Any help would be greatly received
Thanks in advance
November 14, 2012 at 11:51 am
from my notes, which i swear i use daily when fiddling with dates:
--another midnight
CAST(DATEDIFF(dd,0,somedatetime) AS DATETIME).
this is one of the coolest things to use once you get your head wrapped around it.
if you select DATEDIFF(wk,0,getdate())
this will return week '5763' , which is the # of weeks (wk) from the beginning of SQL time 01/01/1900
by adding it to zero(SQL starting date '01/01/1900') with DATEADD(which returns a datetime), you get the first day of the beginning of that week 5763, which is Monday.
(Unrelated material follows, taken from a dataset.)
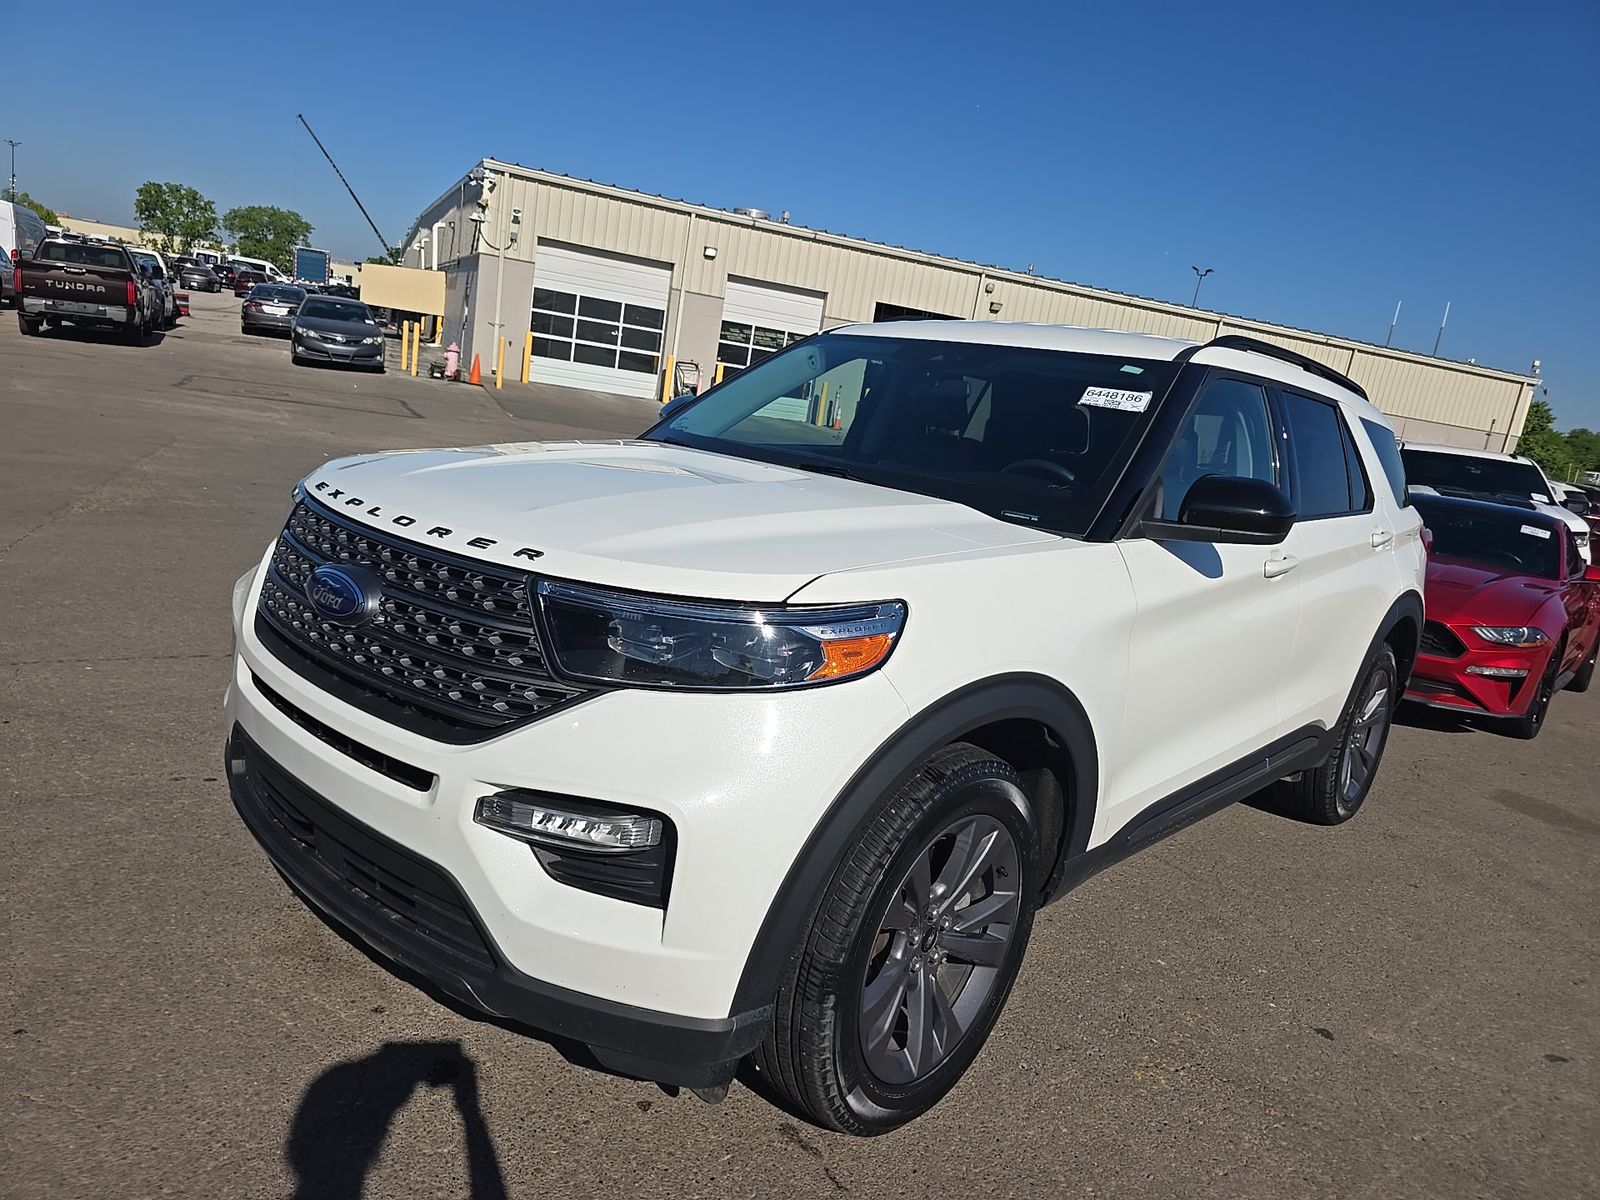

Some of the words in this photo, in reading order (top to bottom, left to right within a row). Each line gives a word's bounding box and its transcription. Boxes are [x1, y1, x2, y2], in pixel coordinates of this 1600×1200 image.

[45, 280, 106, 293] TUNDRA
[1086, 389, 1143, 403] 6448186
[314, 481, 545, 562] EXPLORER
[313, 577, 344, 610] Ford
Mentally, i sometimes think of this method as "truncating" all the time portion, and then selecting the begining of the period.
the same concept works when you add months, years, or quarters...and even hours minutes seconds.....you get the # of [unit you selected] since the beginning of SQL Time, and by adding that #periods to zero(SQL start date), you get the beginning of that period.
run this query so you have everything in front of you:
select
getdate(), --2010-06-16 10:08:47.680
DATEDIFF(wk,0,getdate()), --week '5763' from the beginning of SQL time 01/01/1900
DATEADD(wk, DATEDIFF(wk,0,getdate()), 0) --by adding zero, we return a date that is the first day of the week 5763
here's a collection of "firsts and lasts" i've saved in my snippets:
--find the first business day (Monday) of this month
select DATEADD(wk,DATEDIFF(wk,0,dateadd(dd,6 - datepart(day,getdate()),getdate())), 0)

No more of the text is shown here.